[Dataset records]
═══

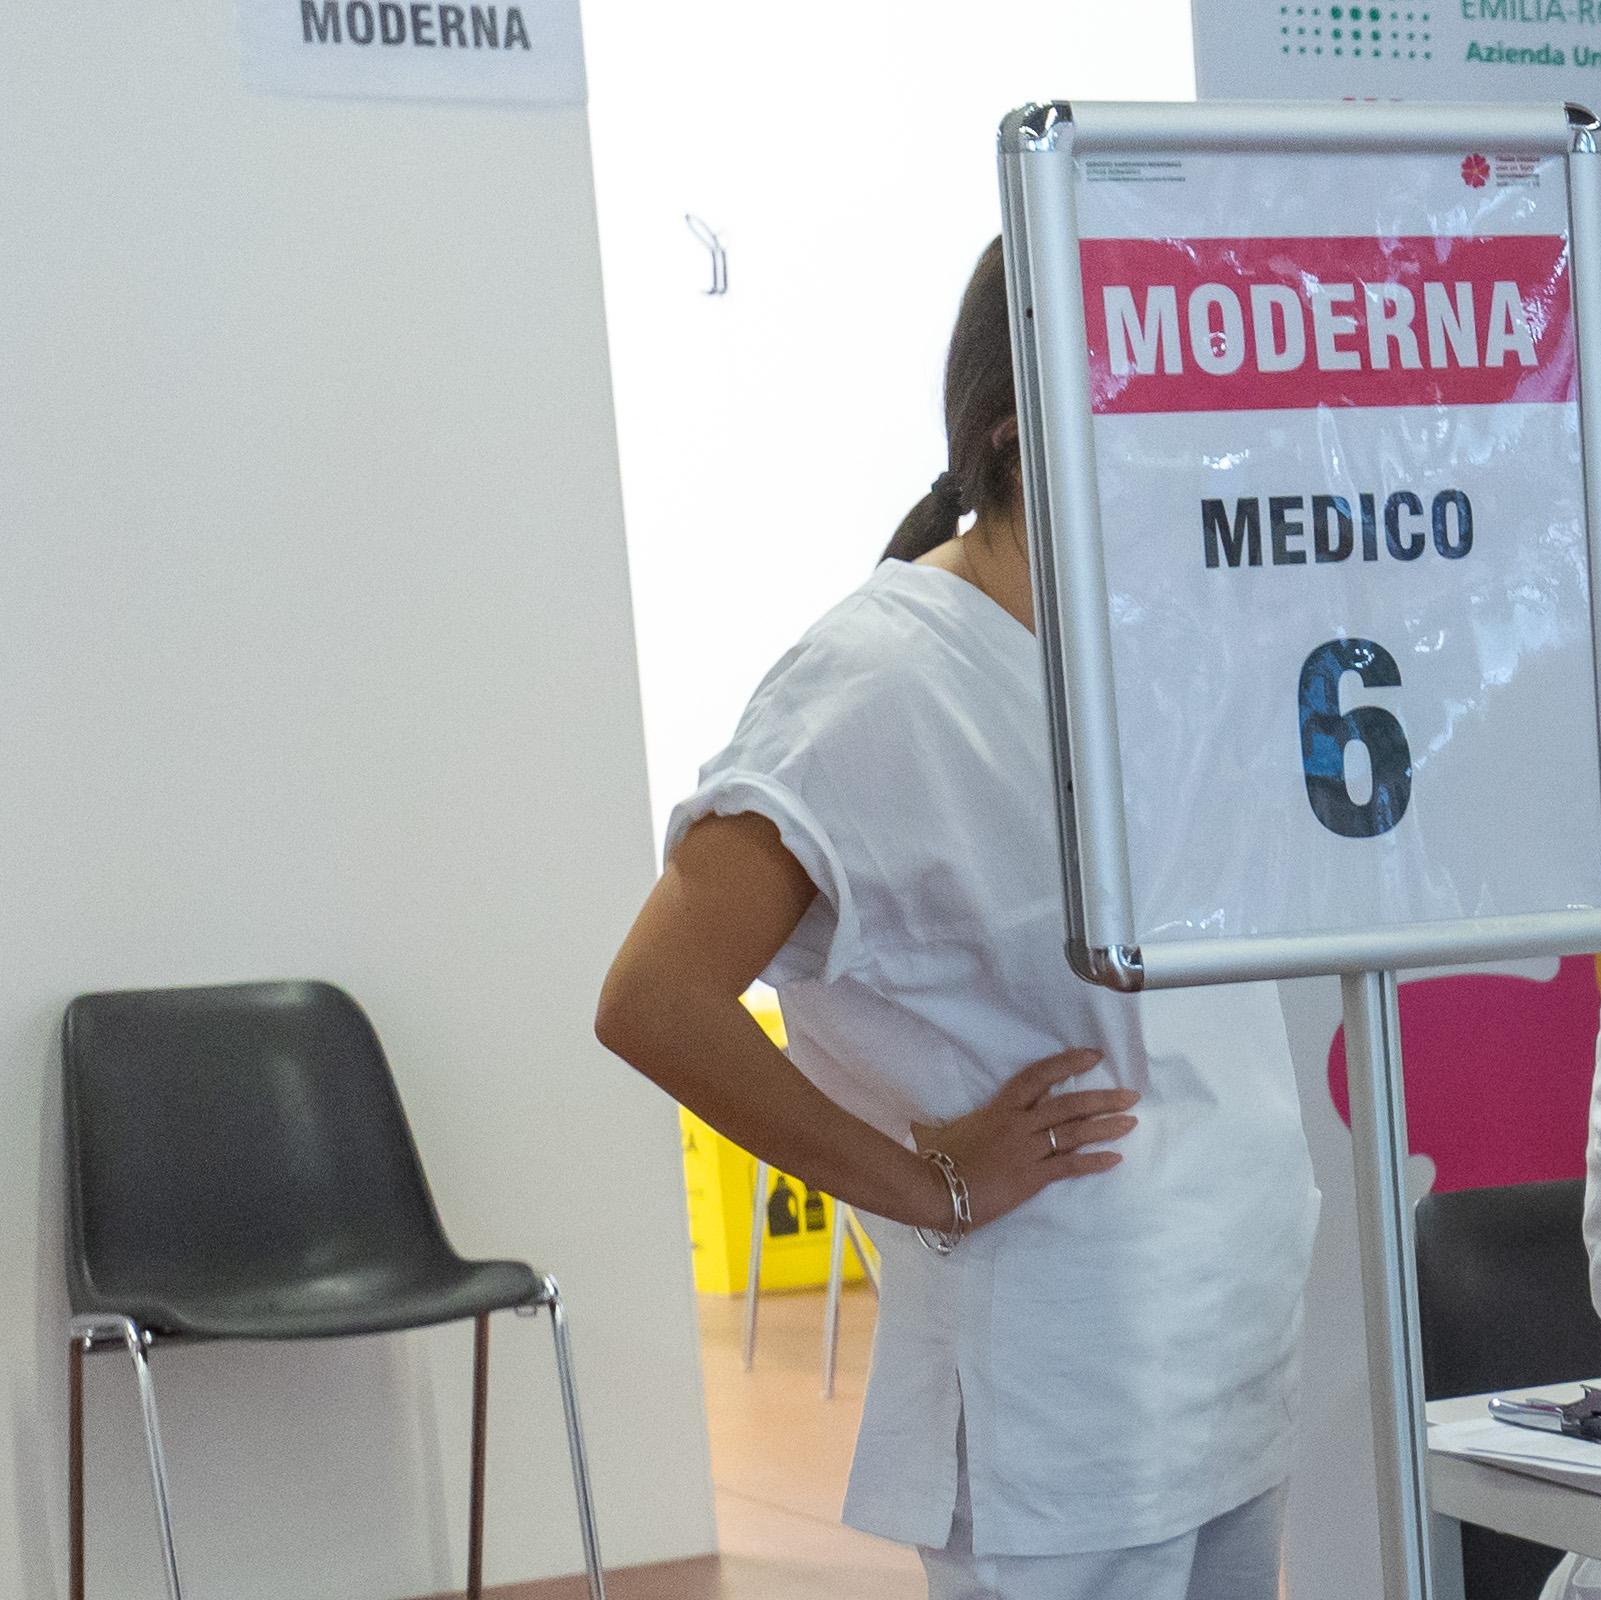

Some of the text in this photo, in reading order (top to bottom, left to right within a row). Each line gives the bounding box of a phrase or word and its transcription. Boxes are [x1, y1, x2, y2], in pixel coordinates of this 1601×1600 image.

[301, 0, 532, 51] MODERNA
[1465, 40, 1565, 66] Azienda
[1103, 281, 1539, 375] MODERNA
[1202, 489, 1474, 568] MEDICO
[1297, 638, 1412, 838] 6
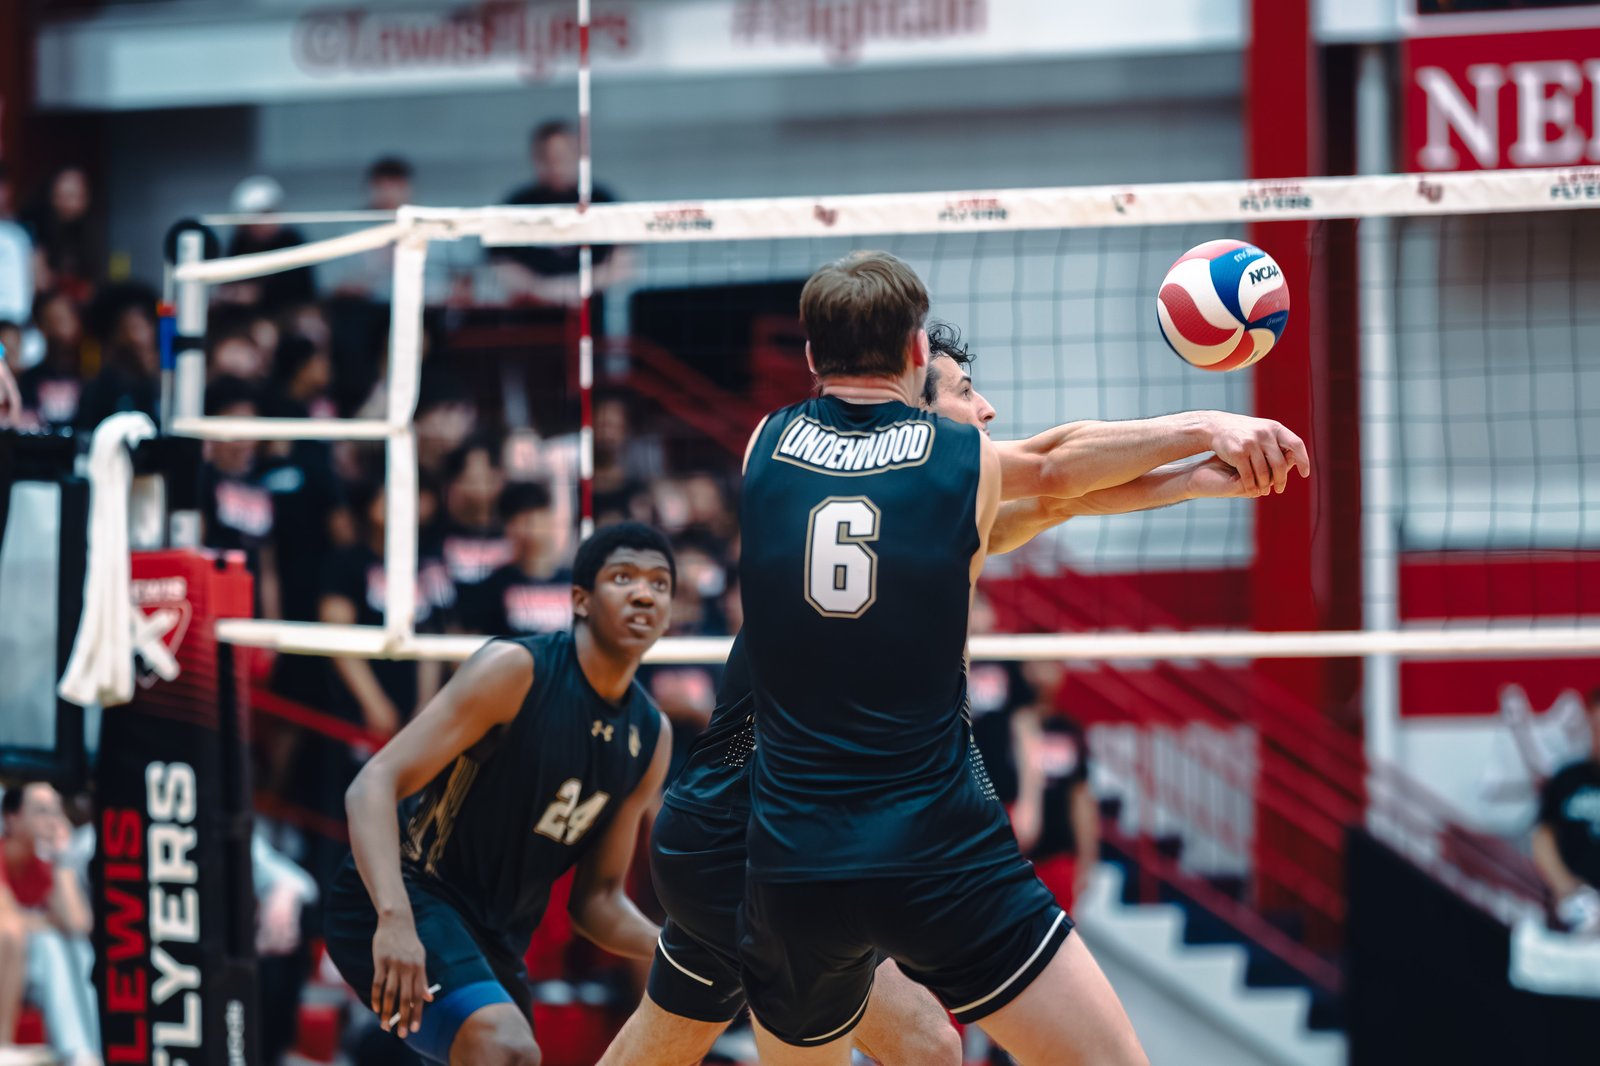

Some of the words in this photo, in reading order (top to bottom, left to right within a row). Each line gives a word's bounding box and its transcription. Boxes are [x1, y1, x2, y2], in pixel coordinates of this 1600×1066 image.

[776, 416, 933, 474] LINDENWOOD
[804, 496, 881, 619] 6
[533, 777, 610, 846] 24
[104, 808, 147, 1063] LEWIS
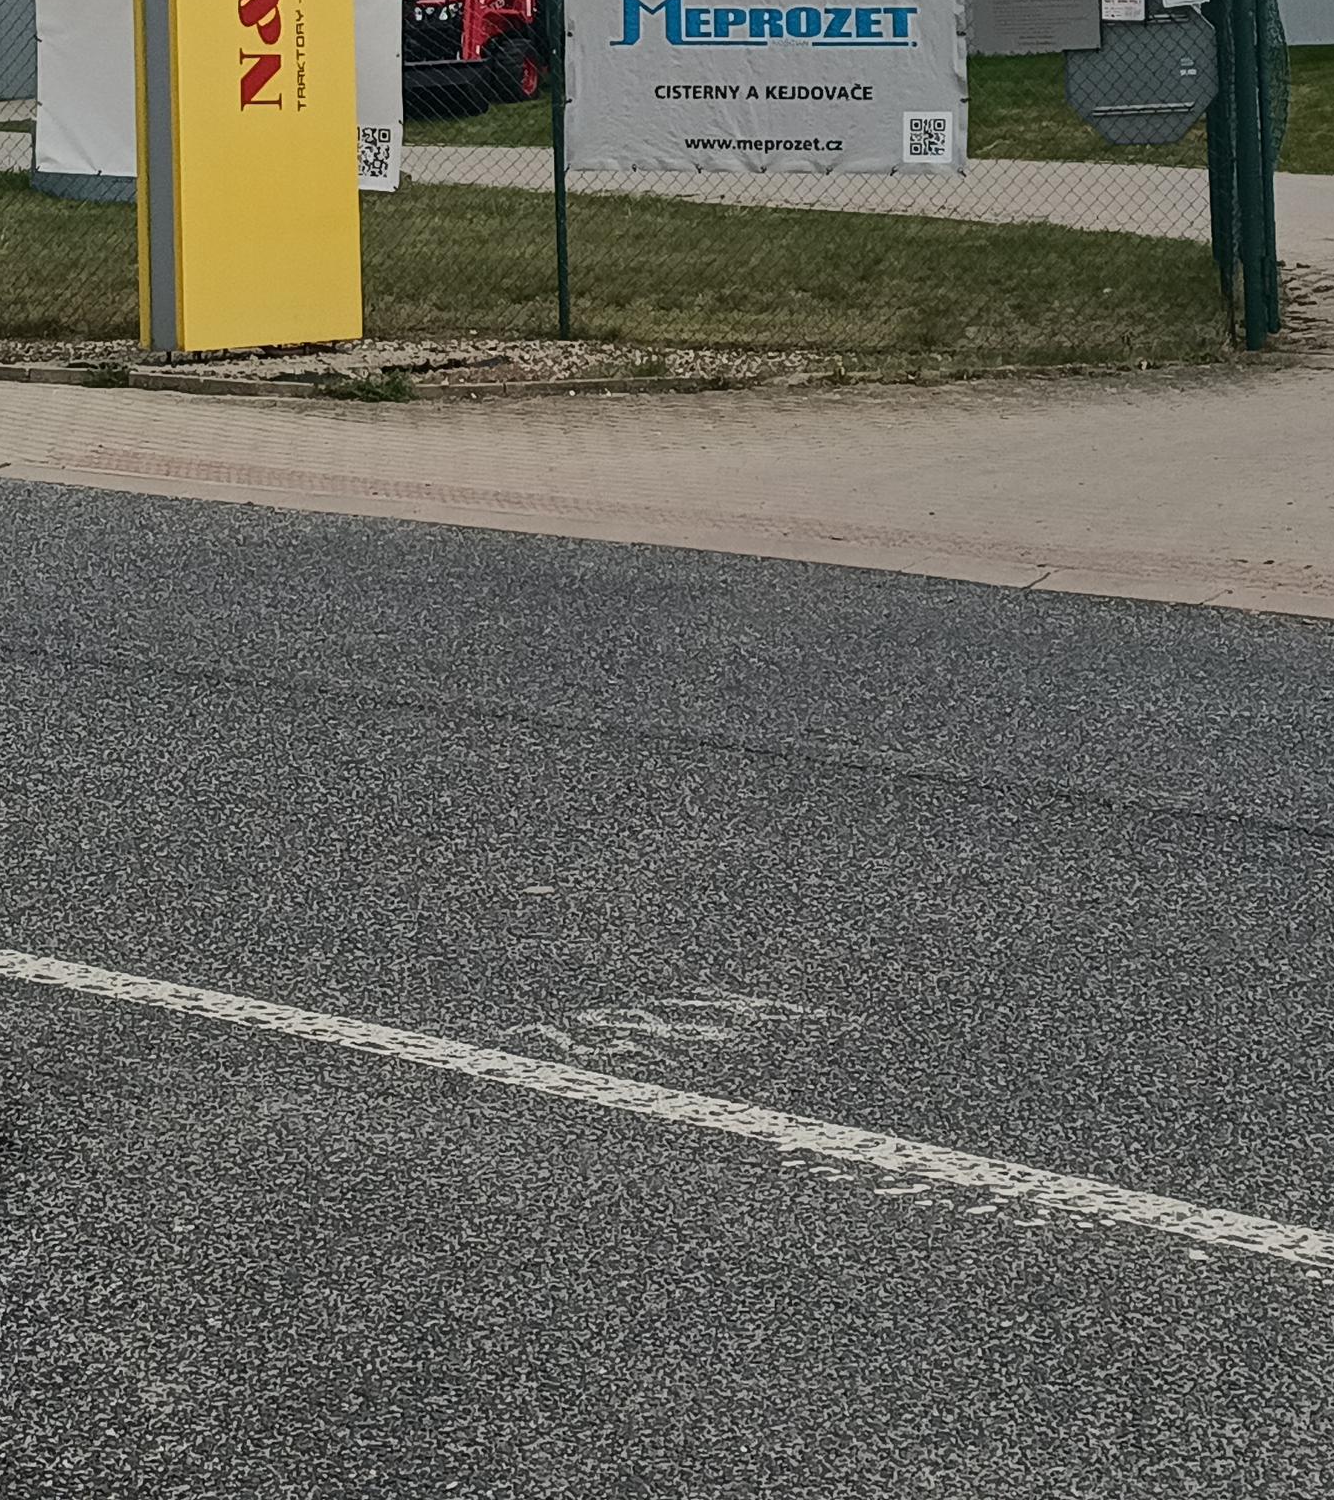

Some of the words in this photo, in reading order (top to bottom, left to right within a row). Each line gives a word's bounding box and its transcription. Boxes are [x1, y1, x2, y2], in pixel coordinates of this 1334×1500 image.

═══

Work to be completed: Exact duplicates of all the entries are required, and no image may appear in them.

Output for this task:
Some of the text in this photo, in reading order (top to bottom, left to right within a row). Each line gives the bounding box of a phrase or word and its transcription. Boxes are [x1, y1, x2, y2], in pixel coordinates of this 1601×1600 image.

[301, 0, 532, 51] MODERNA
[1465, 40, 1565, 66] Azienda
[1103, 281, 1539, 375] MODERNA
[1202, 489, 1474, 568] MEDICO
[1297, 638, 1412, 838] 6

Some of the words in this photo, in reading order (top to bottom, left to right within a row). Each line gives a word's bounding box and its transcription. Boxes are [x1, y1, x2, y2], in pixel coordinates of this 1600×1066 image.

[776, 416, 933, 474] LINDENWOOD
[804, 496, 881, 619] 6
[533, 777, 610, 846] 24
[104, 808, 147, 1063] LEWIS

Some of the words in this photo, in reading order (top to bottom, left to right within a row). Each line gives a word's bounding box and its transcription. Boxes are [x1, y1, x2, y2], in pixel coordinates of this 1334×1500 image.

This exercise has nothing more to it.